[Provided data Boundary: Start]

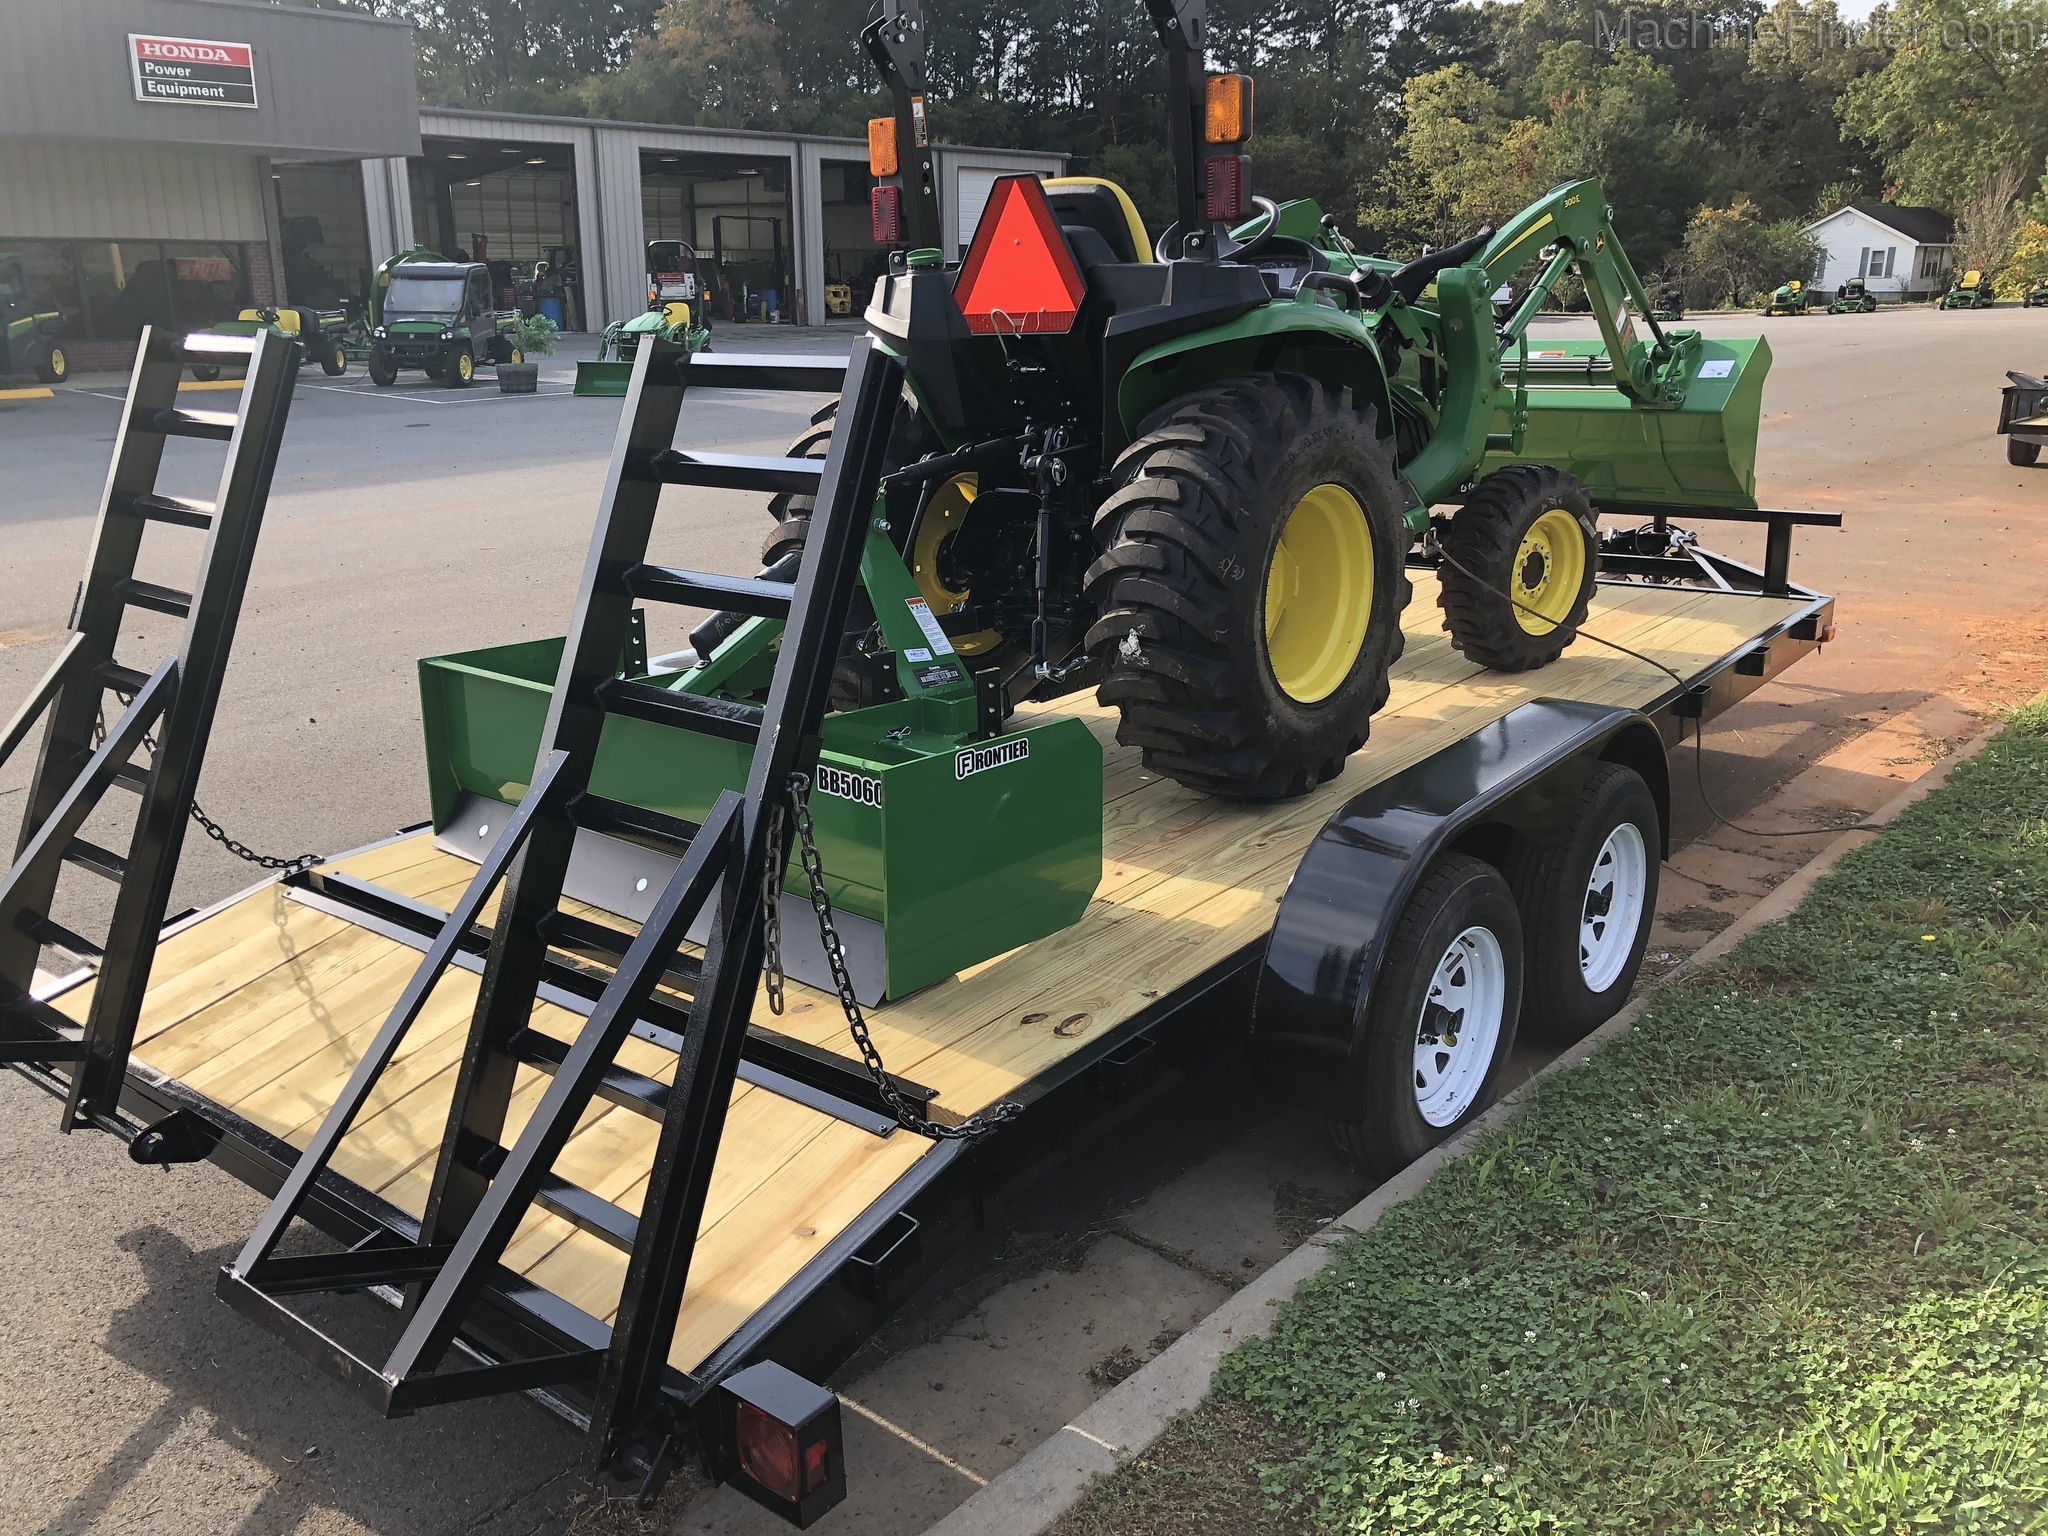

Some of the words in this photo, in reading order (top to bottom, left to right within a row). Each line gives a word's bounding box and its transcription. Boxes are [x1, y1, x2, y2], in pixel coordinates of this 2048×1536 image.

[142, 42, 231, 62] HONDA
[144, 61, 191, 77] Power
[147, 80, 225, 98] Equipment
[1564, 194, 1580, 208] 300E
[956, 738, 1029, 780] FRONTIER

[Provided data Boundary: End]

- _Task instructions_: Reproduce each line of the records above, exactly and without pictures.

- _Response area_:
Some of the words in this photo, in reading order (top to bottom, left to right within a row). Each line gives a word's bounding box and its transcription. Boxes are [x1, y1, x2, y2], in pixel coordinates of this 2048×1536 image.

[142, 42, 231, 62] HONDA
[144, 61, 191, 77] Power
[147, 80, 225, 98] Equipment
[1564, 194, 1580, 208] 300E
[956, 738, 1029, 780] FRONTIER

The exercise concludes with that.